Source: University of Illinois at Urbana-Champaign

One Avocado a Day Helps Lower ‘Bad’ Cholesterol for Heart Healthy Benefits

katie Bohn wrote . . . . . . . . .

Move over, apples — new research from Penn State suggests that eating one avocado a day may help keep “bad cholesterol” at bay.

According to the researchers, bad cholesterol can refer to both oxidized low-density lipoprotein (LDL) and small, dense LDL particles.

In a randomized, controlled feeding study, the researchers found that eating one avocado a day was associated with lower levels of LDL (specifically small, dense LDL particles) and oxidized LDL in adults with overweight or obesity.

“We were able to show that when people incorporated one avocado a day into their diet, they had fewer small, dense LDL particles than before the diet,” said Penny Kris-Etherton, distinguished professor of nutrition, who added that small, dense LDL particles are particularly harmful for promoting plaque buildup in the arteries. “Consequently, people should consider adding avocados to their diet in a healthy way, like on whole-wheat toast or as a veggie dip.”

Specifically, the study found that avocados helped reduce LDL particles that had been oxidized.

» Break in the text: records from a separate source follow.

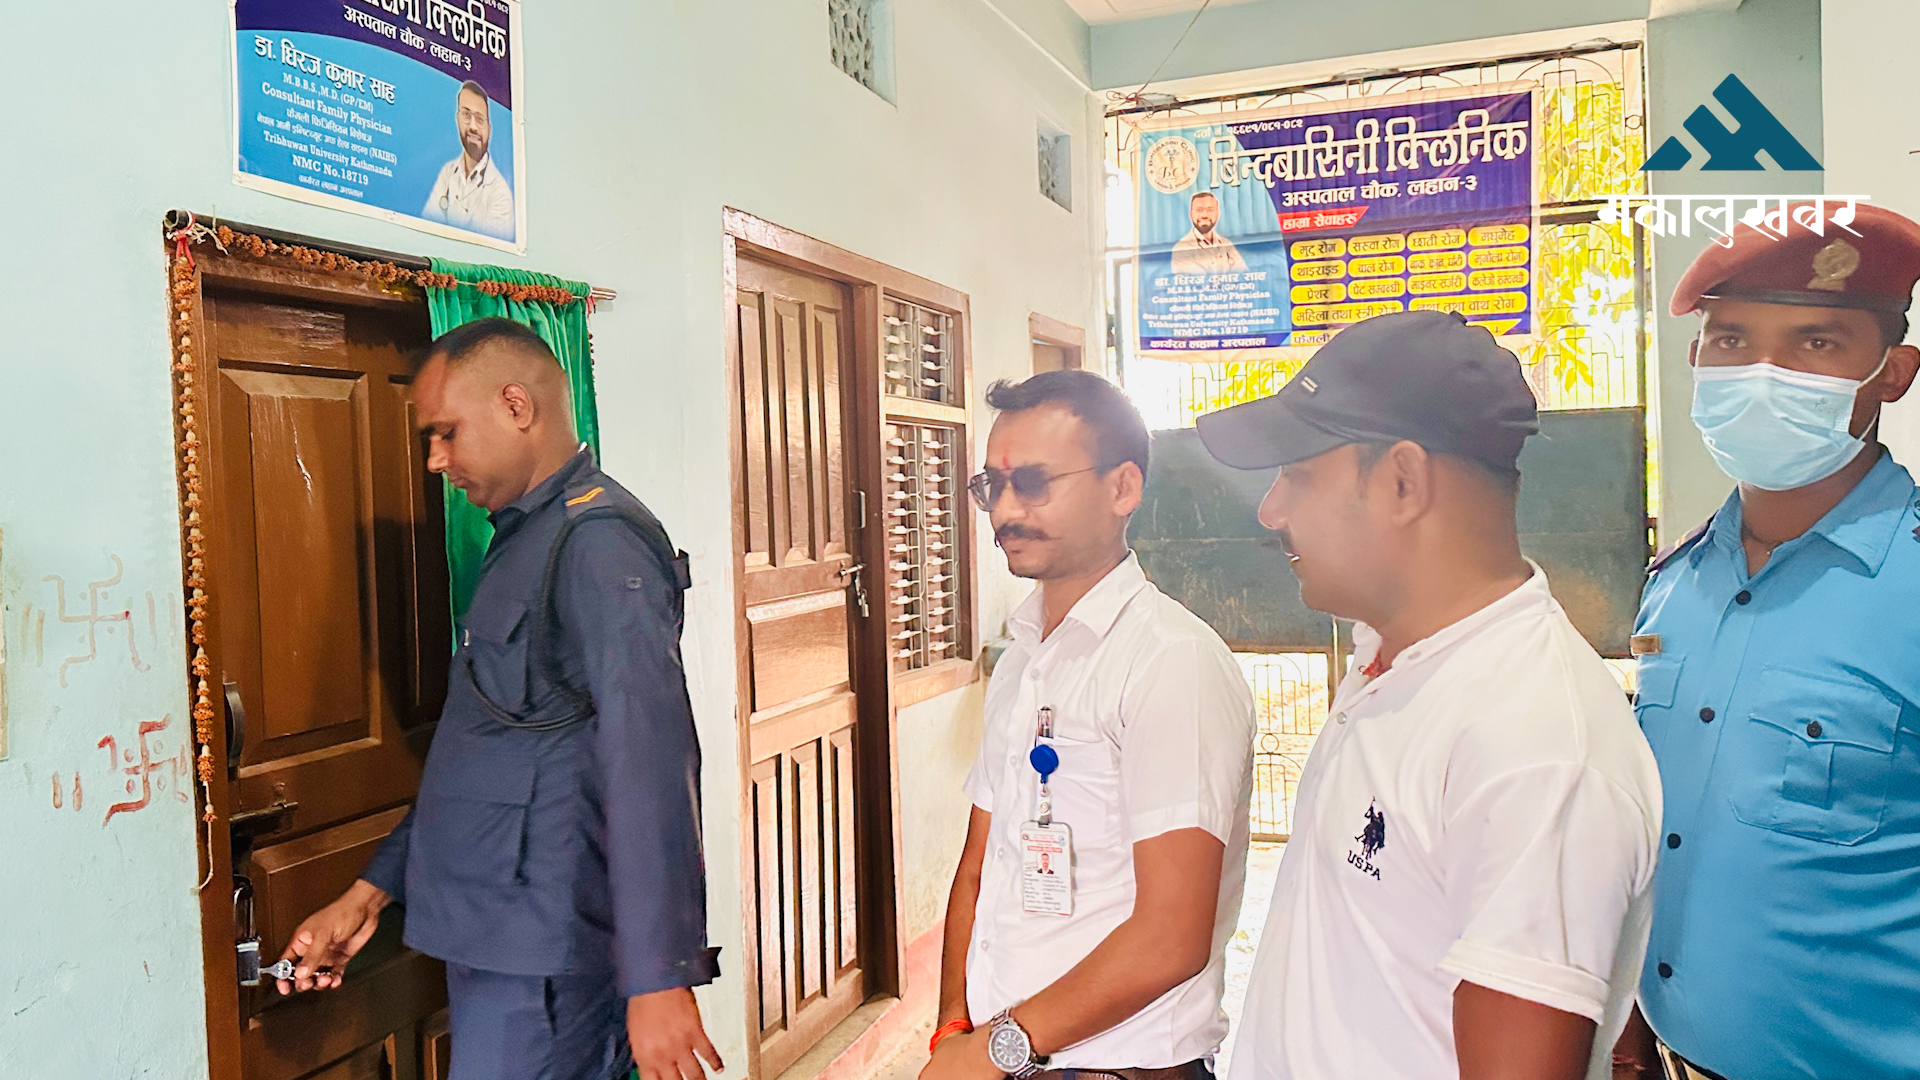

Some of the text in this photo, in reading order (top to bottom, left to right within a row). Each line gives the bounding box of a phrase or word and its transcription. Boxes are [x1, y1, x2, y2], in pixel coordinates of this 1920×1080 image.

[343, 4, 397, 40] अस्पताल
[430, 41, 472, 71] लहान-३
[255, 34, 276, 59] डा.
[325, 61, 366, 92] कुमार
[370, 77, 396, 105] साह
[262, 82, 392, 135] Consultant Family Physician
[341, 93, 374, 114] (GP/EM)
[1385, 108, 1529, 171] क्लिनिक
[263, 130, 393, 178] Tribhuwan University Kathmandu
[292, 154, 321, 172] NMC
[1282, 186, 1355, 207] अस्पताल
[1407, 175, 1477, 196] लहान-३
[1383, 237, 1400, 249] रोग
[1413, 233, 1460, 247] छाती रोग
[1318, 241, 1336, 254] रोग
[1506, 249, 1522, 262] रोग
[1379, 260, 1395, 273] रोग
[1152, 290, 1271, 304] Consultant Family Physician
[1494, 296, 1515, 309] रोग
[1297, 308, 1329, 322] महिला
[1332, 309, 1352, 320] तथा
[1173, 328, 1201, 337] NMC
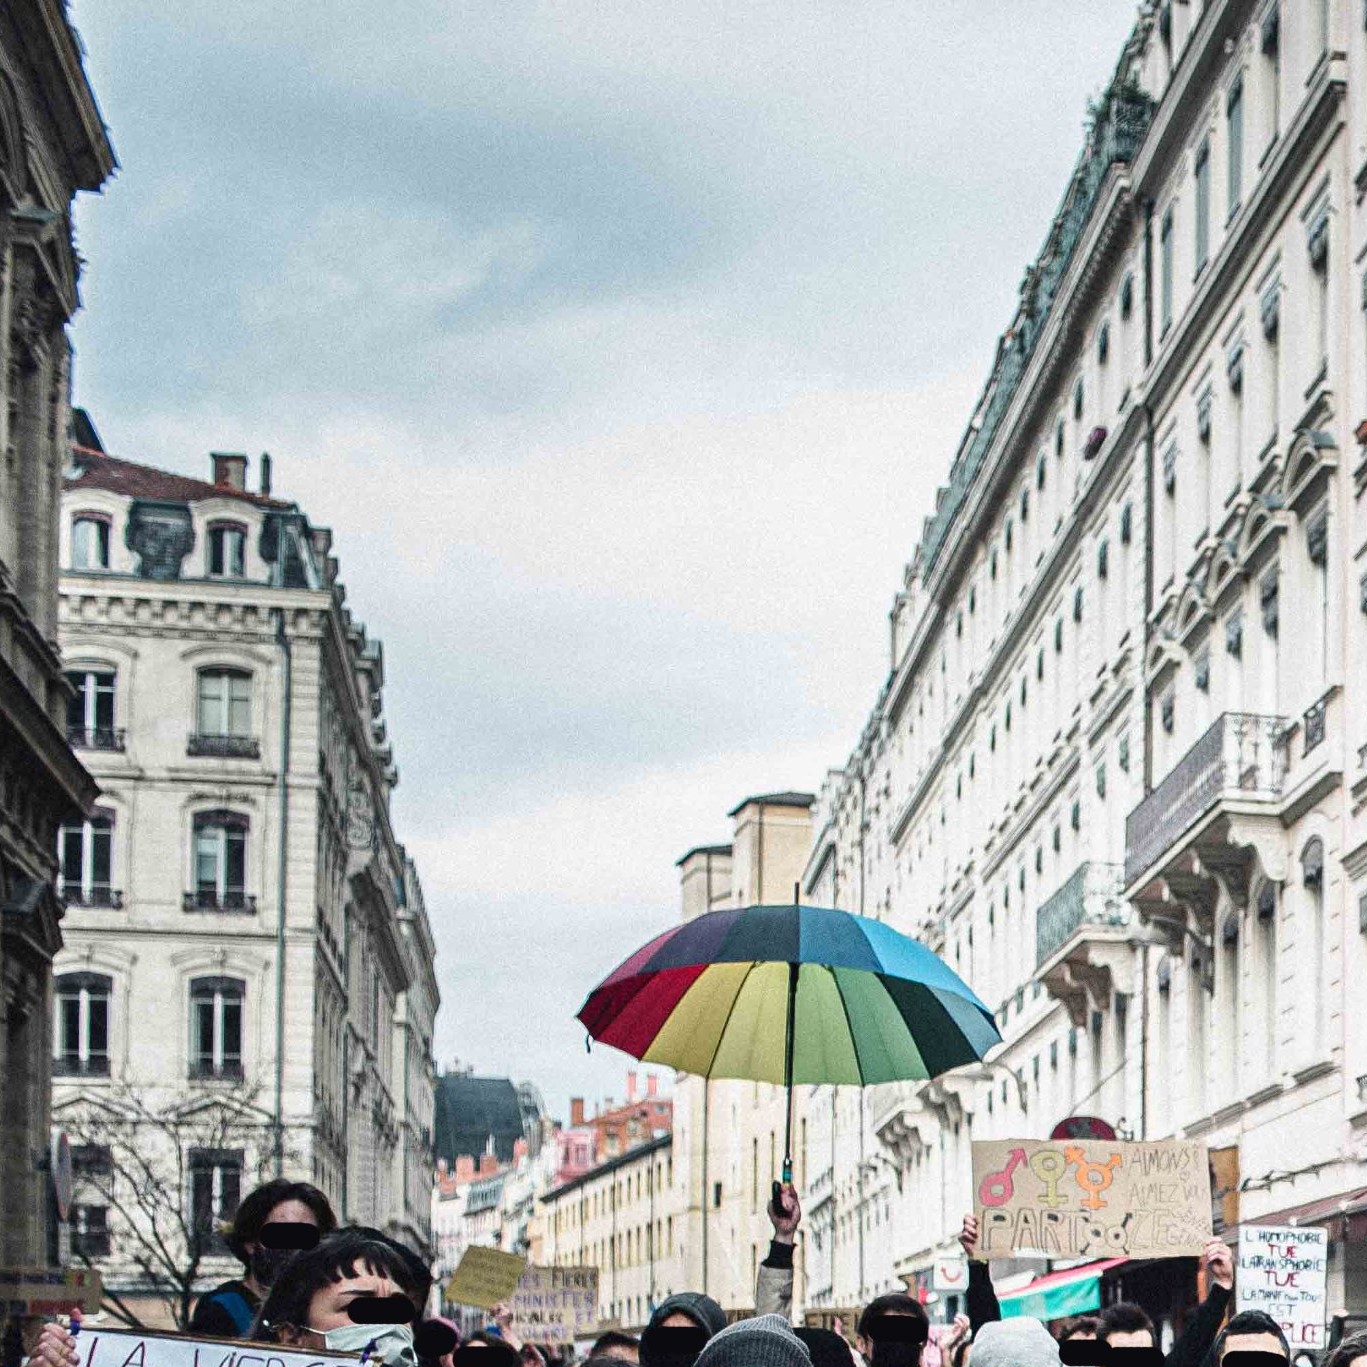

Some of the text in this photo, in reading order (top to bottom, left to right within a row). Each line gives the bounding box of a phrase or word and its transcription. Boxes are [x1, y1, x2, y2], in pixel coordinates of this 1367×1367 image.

[1268, 1243, 1297, 1258] TUE
[1264, 1270, 1299, 1288] TUE
[1281, 1321, 1320, 1344] PLICE

Similar to the way oxygen can damage food — like a cut apple turning brown — the researchers said oxidation is also bad for the human body.

“A lot of research points to oxidation being the basis for conditions like cancer and heart disease,” Kris-Etherton said. “We know that when LDL particles become oxidized, that starts a chain reaction that can promote atherosclerosis, which is the build-up of plaque in the artery wall. Oxidation is not good, so if you can help protect the body through the foods that you eat, that could be very beneficial.”

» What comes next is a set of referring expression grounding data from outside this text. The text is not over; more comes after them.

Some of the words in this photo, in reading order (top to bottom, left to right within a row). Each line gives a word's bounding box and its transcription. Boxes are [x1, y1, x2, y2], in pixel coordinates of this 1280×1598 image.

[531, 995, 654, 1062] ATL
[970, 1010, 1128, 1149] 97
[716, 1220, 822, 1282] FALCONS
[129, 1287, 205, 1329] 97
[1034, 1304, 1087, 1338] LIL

While previous research demonstrated that avocados could help lower LDL cholesterol, Kris-Etherton and her colleagues were curious about whether avocados could also help lower oxidized LDL particles.

The researchers recruited 45 adult participants with overweight or obesity for the study. All participants followed a two-week “run-in” diet at the beginning of the study. This diet mimicked an average American diet and allowed all participants to begin the study on similar nutritional “footing.”

Next, each participant completed five weeks of three different treatment diets in a randomized order. Diets included a low-fat diet, a moderate-fat diet, and a moderate-fat diet that included one avocado a day. The moderate-fat diet without avocados were supplemented with extra healthy fats to match the amount of monounsaturated fatty acids that would be obtained from the avocados.

After five weeks on the avocado diet, participants had significantly lower levels of oxidized LDL cholesterol than before the study began or after completing the low- and moderate-fat diets. Participants also had higher levels of lutein, an antioxidant, after the avocado diet.

Kris-Etherton said there was specifically a reduction in small, dense LDL cholesterol particles that had become oxidized.

“When you think about bad cholesterol, it comes packaged in LDL particles, which vary in size,” Kris-Etherton said. “All LDL is bad, but small, dense LDL is particularly bad. A key finding was that people on the avocado diet had fewer oxidized LDL particles. They also had more lutein, which may be the bioactive that’s protecting the LDL from being oxidized.”

The researchers added that because the moderate-fat diet without avocados included the same monounsaturated fatty acids found in avocados, it is likely that the fruit has additional bioactives that contributed to the benefits of the avocado diet.

Kris-Etherton said that while the results of the study — published in the Journal of Nutrition — are promising, there is still more research to be done.

“Nutrition research on avocados is a relatively new area of study, so I think we’re at the tip of the iceberg for learning about their health benefits,” Kris-Etherton said. “Avocados are really high in healthy fats, carotenoids — which are important for eye health — and other nutrients. They are such a nutrient-dense package, and I think we’re just beginning to learn about how they can improve health.”